Sunday, December 20, 2009
by Leslie Barron
Never Too Old for Recess
With only one week left of volunteering it makes me think about how my relationship with the students has changed over the course of the semester. The first couple times I worked in the classroom I was nervous because I had difficulty understanding the teacher and the students. I was not used to how fast they talked and was constantly trying to focus on making sure I knew what was going on and what the teacher wanted me to do. The students sit on the rug in the class every morning to begin their lesson and I just remember how lost I was after the first day when they were all talking so fast it was hard for me to understand what they were saying. When interacting with the students, we just worked on the task at hand, usually reading or writing. Usually I would have to ask them to slow down or repeat what they had said. I caught on to some of their conversations with each other but did not get involved. I was always nervous but excited to go back the next time. The students were at first were shy around me as well. It was hard to get completely comfortable around them, because unlike some other Illinois students who volunteer and work with one student outside of the classroom, I am always in the classroom trying to help all the students. I cannot give my individual attention to only one.
Even though it was a difficult situation for me at first, the experience I had this past Tuesday while volunteering makes me grateful that I have gotten to know so many of the kids. After reading and writing, the students have morning recess. Instead of waiting inside, I decided to go out and play with them on the playground – I mean, why not? The kids all wanted to play tag so they decided what home base was and then we all started running. I actually was having a blast. Running around playing with the kids made me realize two things. First of all, my conversational Spanish has definitely improved immensely over the course of the semester. While running around I was able to laugh and joke with the kids without thinking about what I was saying. I was comfortable speaking in Spanish. In addition, when two of the students got in a fight I was able to communicate with them about what happened and then explain to the teacher outside in English what the problem was. It was natural to go back and forth between the two languages. This was definitely a goal of mine this semester. The other thing I realized was how big of an impact I have had on many of the students this semester. They all wanted to run where I ran and grab on to me while we were safe on home base. Not only have I been able to help them with their academics, I have really gotten to know a lot of them and learn about their families. It is obvious that they trust me and feel comfortable around me as well now.

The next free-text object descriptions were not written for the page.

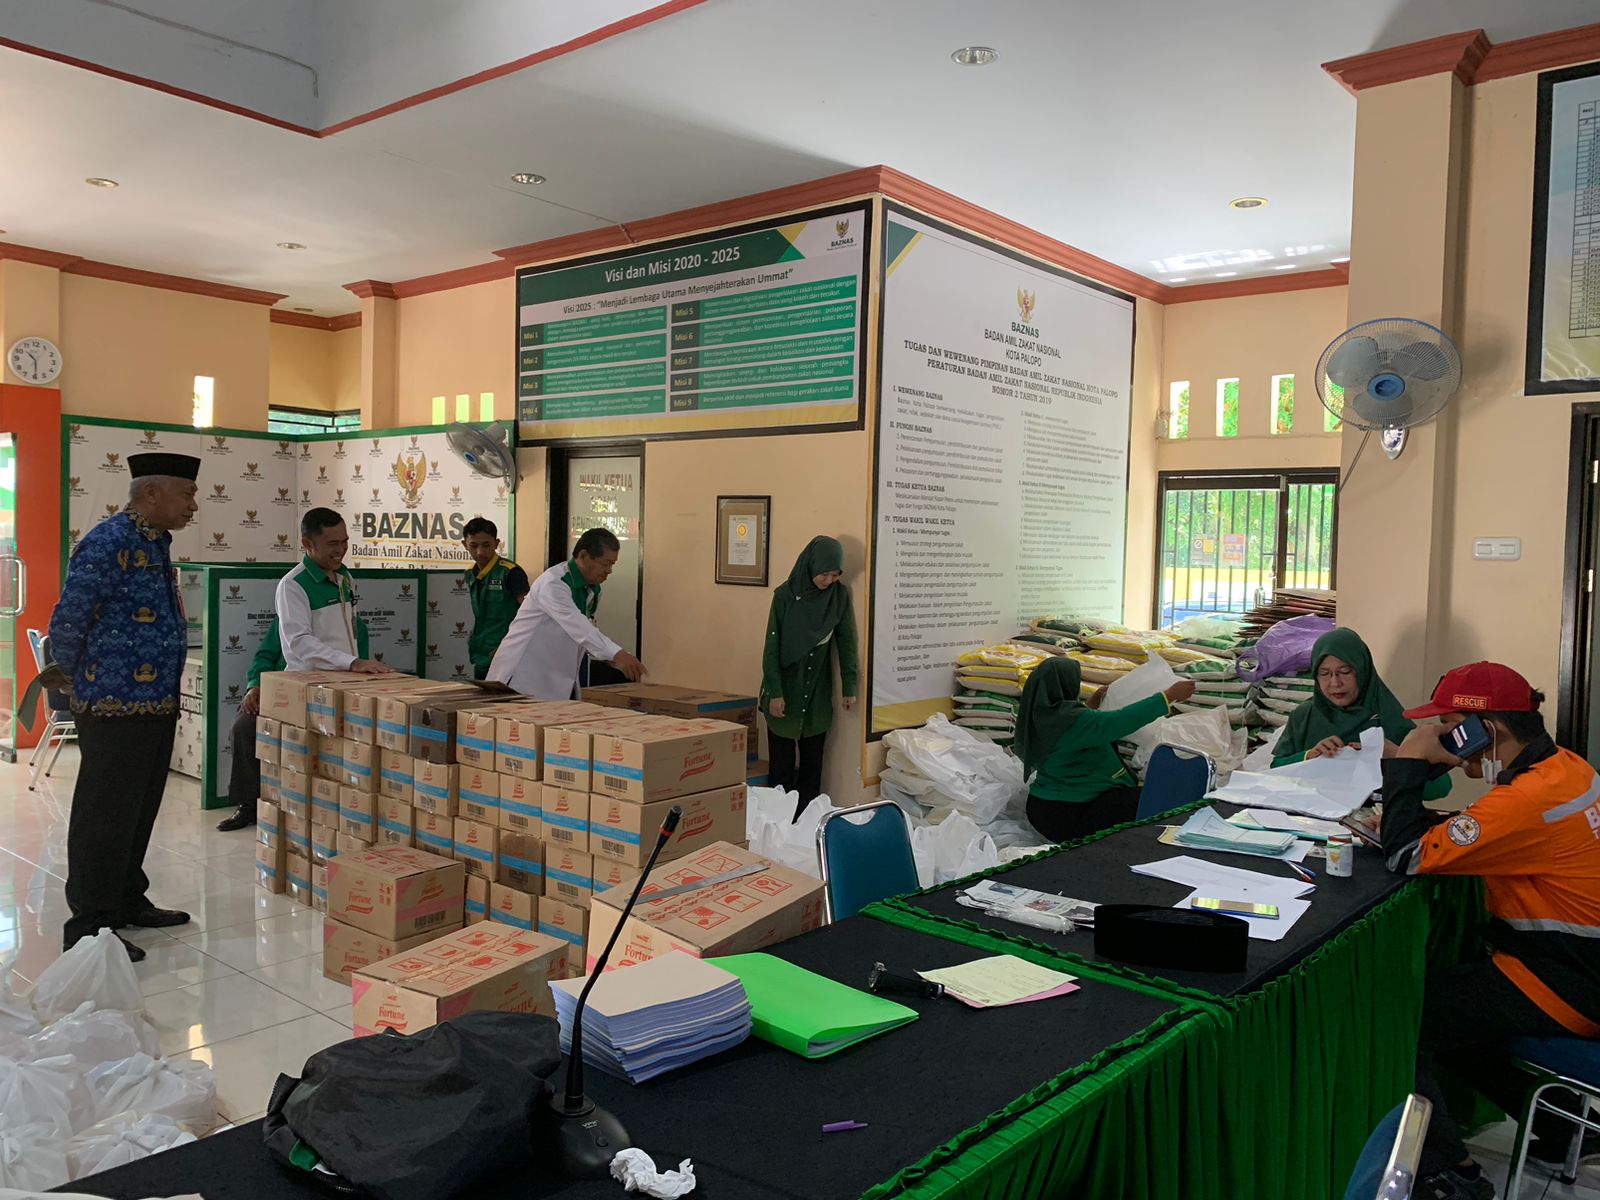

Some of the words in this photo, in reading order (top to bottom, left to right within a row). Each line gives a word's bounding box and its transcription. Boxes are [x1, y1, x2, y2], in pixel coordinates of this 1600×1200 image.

[605, 267, 623, 283] Visi
[625, 265, 646, 279] dan
[648, 259, 671, 276] Misi
[674, 254, 701, 271] 2020
[711, 246, 740, 265] 2025
[563, 305, 575, 314] Visi
[576, 302, 592, 312] 2025
[629, 292, 660, 304] Lembaga
[662, 288, 686, 299] Utama
[688, 276, 755, 294] Menyejahterakan
[1011, 322, 1039, 338] BAZNAS
[984, 329, 1004, 343] BADAN
[1005, 334, 1018, 347] AMIL
[1018, 338, 1036, 352] ZAKAT
[1036, 343, 1061, 358] NASIONAL
[1006, 349, 1020, 360] KOTA
[1021, 353, 1042, 367] PALOPO
[904, 339, 927, 353] TUGAS
[928, 346, 942, 356] DAN
[943, 349, 979, 366] WEWENANG
[980, 358, 1008, 372] PIMPINAN
[1009, 366, 1028, 378] BADAN
[1029, 371, 1042, 380] AMIL
[1044, 374, 1060, 385] ZAKAT
[1061, 378, 1085, 391] NASIONAL
[1086, 384, 1100, 394] KOTA
[1100, 388, 1119, 399] PALOPO
[927, 358, 966, 375] PERATURAN
[967, 367, 988, 380] BADAN
[989, 373, 1003, 384] AMIL
[1004, 376, 1023, 388] ZAKAT
[1024, 381, 1050, 394] NASIONAL
[1051, 387, 1076, 400] REPUBLIK
[1077, 392, 1102, 405] INDONESIA
[992, 385, 1013, 398] NOMOR
[1014, 390, 1019, 398] 2
[1020, 391, 1038, 402] TAHUN
[1038, 395, 1052, 405] 2019
[362, 512, 465, 540] BAZNAS
[352, 544, 378, 557] Badan
[382, 544, 402, 558] Amil
[404, 545, 432, 559] Zakat
[1455, 696, 1485, 707] RESCUE
[684, 752, 712, 768] Fortune
[682, 812, 711, 830] Fortune
[348, 890, 371, 904] Fortune
[344, 951, 370, 965] Fortune
[379, 1006, 405, 1020] Fortune

Thinking about the time spent at Leal this semester I am able to look back and see how my relationships with the students have grown as I have gotten to know them better and have been able to speak with them about non school related things as well. When the conversations started to get easier I started to have much more fun with the kids. Every morning when I walk into the classroom their faces light up and before I even have the chance to put my things down they all yell “maestra” because they each want me to work with them that morning. At the beginning of the semester scheduling time and waking up early to volunteer was a hassle, but now I genuinely look forward to going in and seeing the kids – well at least after I manage to get out of bed. I know I have helped them this semester, but they have also helped me. I believe my time spent volunteering will really pay off next semester when I go abroad to Granada. I am much more comfortable with the language now and am much better at getting my point across even if I do not know all of the vocabulary. After I get back from Spain I want to continue to volunteer at Leal because I have had such a good experience there this semester.